Data records:
—————
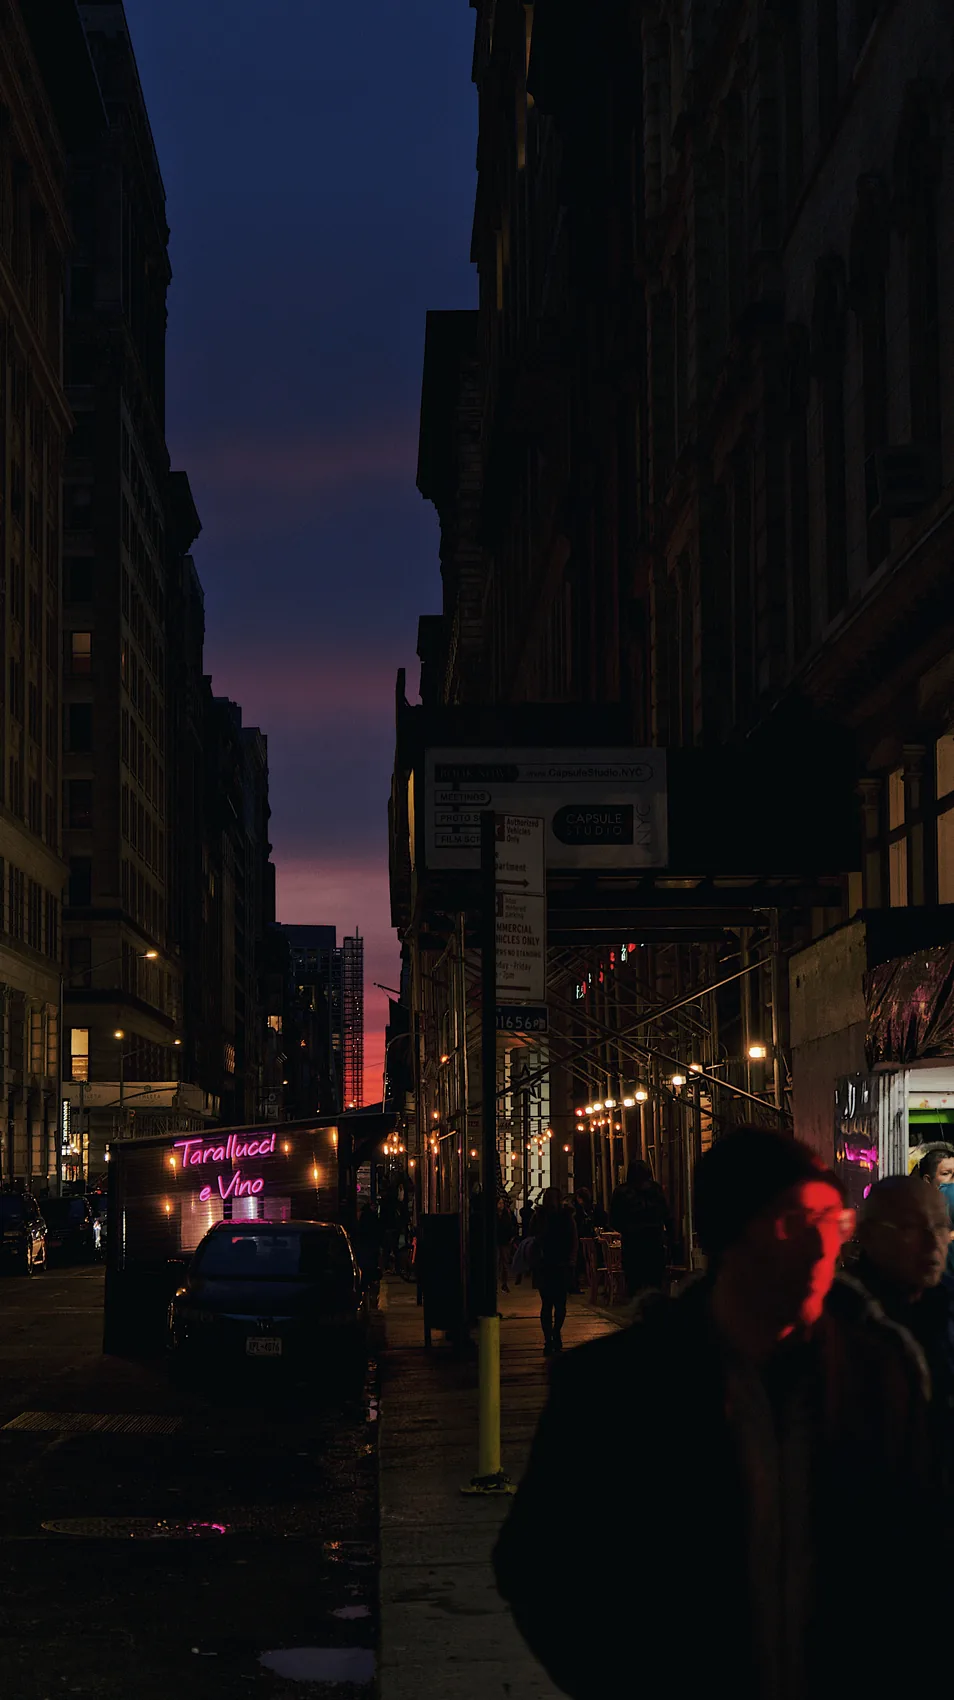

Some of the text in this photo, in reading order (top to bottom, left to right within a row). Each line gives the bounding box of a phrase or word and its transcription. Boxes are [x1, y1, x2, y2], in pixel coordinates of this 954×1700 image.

[440, 793, 485, 801] MEETINGS
[440, 814, 471, 822] PHOTO
[506, 817, 539, 828] Authorized
[565, 812, 624, 824] CAPSULE
[635, 803, 651, 846] NYC
[506, 826, 531, 836] Vehicles
[566, 825, 622, 836] STUDIO
[441, 835, 462, 843] FILM
[506, 834, 520, 844] Only
[495, 862, 527, 872] partment
[496, 922, 532, 934] MMERCIAL
[495, 934, 540, 947] HICLES ONLY
[173, 1132, 277, 1168] Tarallucci
[199, 1169, 265, 1202] e Vino
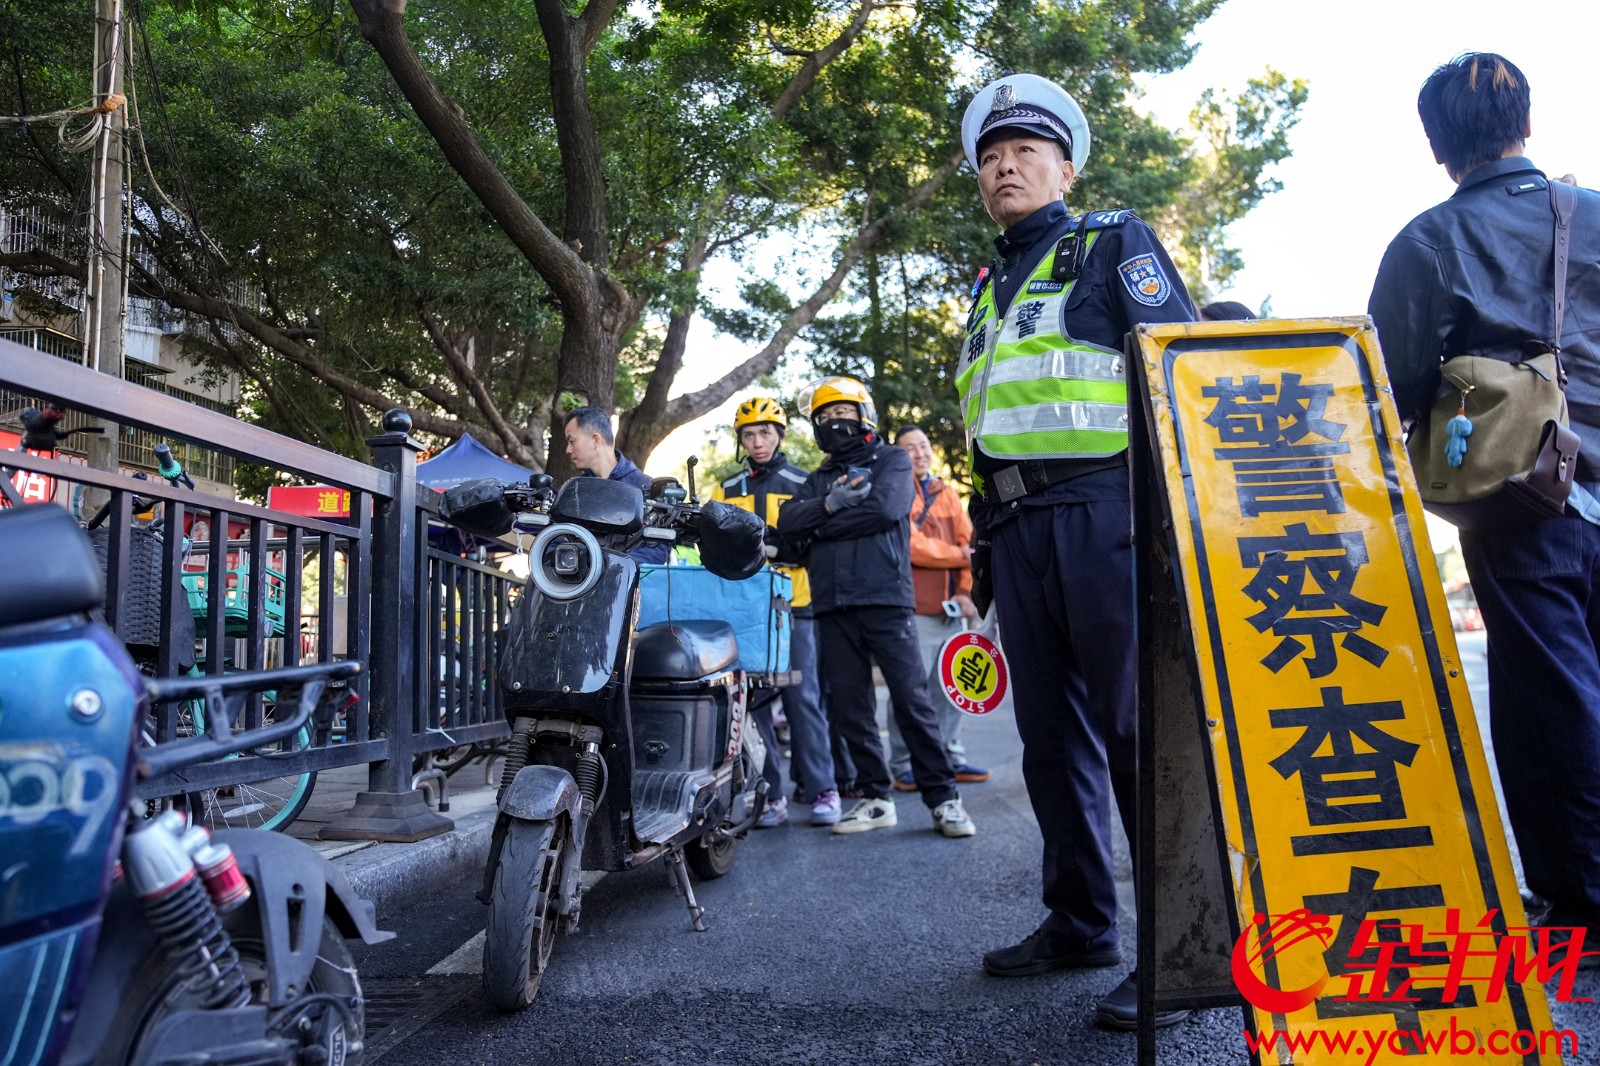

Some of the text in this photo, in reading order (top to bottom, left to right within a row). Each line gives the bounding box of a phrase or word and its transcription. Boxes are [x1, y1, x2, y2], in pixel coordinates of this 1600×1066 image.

[1015, 300, 1046, 340] 警
[956, 651, 991, 695] 停
[946, 684, 985, 713] STOP
[1200, 371, 1479, 1056] 警察查车
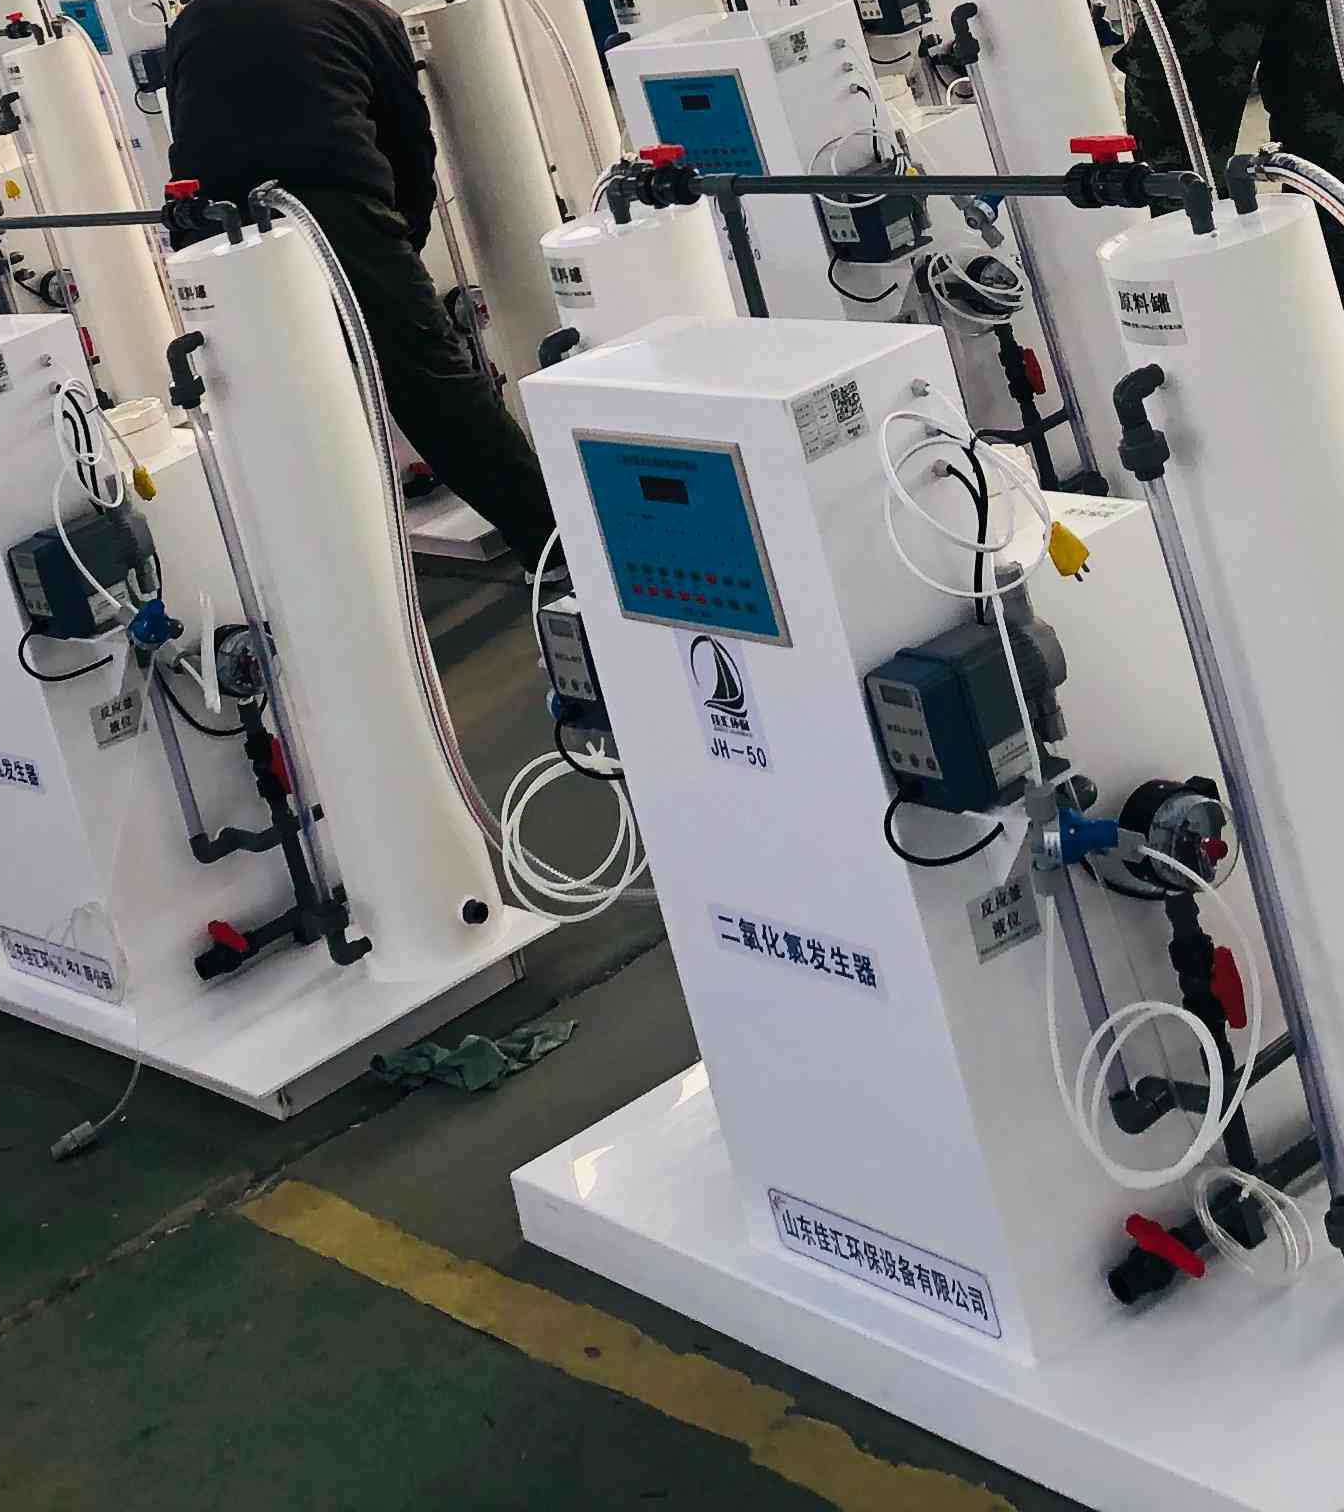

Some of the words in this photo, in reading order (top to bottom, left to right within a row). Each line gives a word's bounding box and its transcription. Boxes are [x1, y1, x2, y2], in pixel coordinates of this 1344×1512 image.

[1118, 290, 1171, 314] 原料罐
[717, 913, 878, 989] 二氧化氯发生器
[781, 1208, 989, 1321] 山东佳汇环保设备有限公司
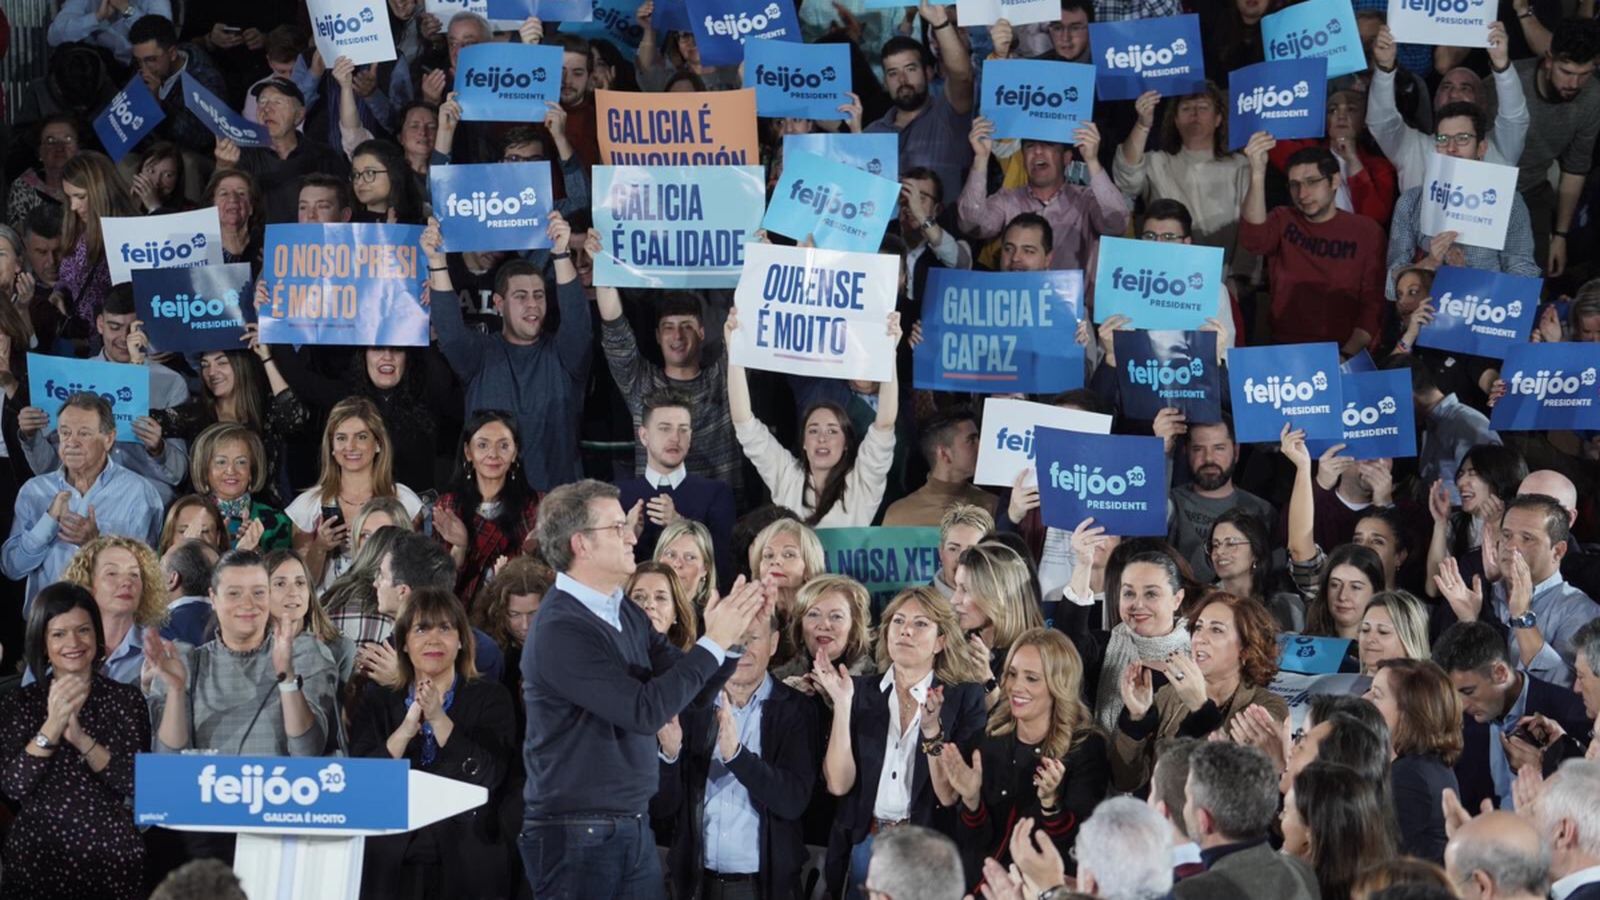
—————
Task goal:
The records above should be duplicated exactly, with none of their pictures kept.

Solution to this exercise:
Some of the text in this photo, in reading order (top to bottom, left to right within a row). Each line gives the bounding box of a phrase or word and its transcription. Boxes are [x1, y1, x2, y2], in pixel coordinates of this 954×1700 image.

[440, 793, 485, 801] MEETINGS
[440, 814, 471, 822] PHOTO
[506, 817, 539, 828] Authorized
[565, 812, 624, 824] CAPSULE
[635, 803, 651, 846] NYC
[506, 826, 531, 836] Vehicles
[566, 825, 622, 836] STUDIO
[441, 835, 462, 843] FILM
[506, 834, 520, 844] Only
[495, 862, 527, 872] partment
[496, 922, 532, 934] MMERCIAL
[495, 934, 540, 947] HICLES ONLY
[173, 1132, 277, 1168] Tarallucci
[199, 1169, 265, 1202] e Vino

Some of the text in this photo, in reading order (top to bottom, left to right within a row). Each line gives the bounding box of a phrase or word and its transcription. Boxes are [x1, y1, x2, y2], in pixel coordinates of this 1600×1066 image.

[1015, 300, 1046, 340] 警
[956, 651, 991, 695] 停
[946, 684, 985, 713] STOP
[1200, 371, 1479, 1056] 警察查车

Some of the words in this photo, in reading order (top to bottom, left to right within a row). Each line gives a word's bounding box and its transcription. Boxes are [x1, y1, x2, y2], in pixel coordinates of this 1344×1512 image.

[1118, 290, 1171, 314] 原料罐
[717, 913, 878, 989] 二氧化氯发生器
[781, 1208, 989, 1321] 山东佳汇环保设备有限公司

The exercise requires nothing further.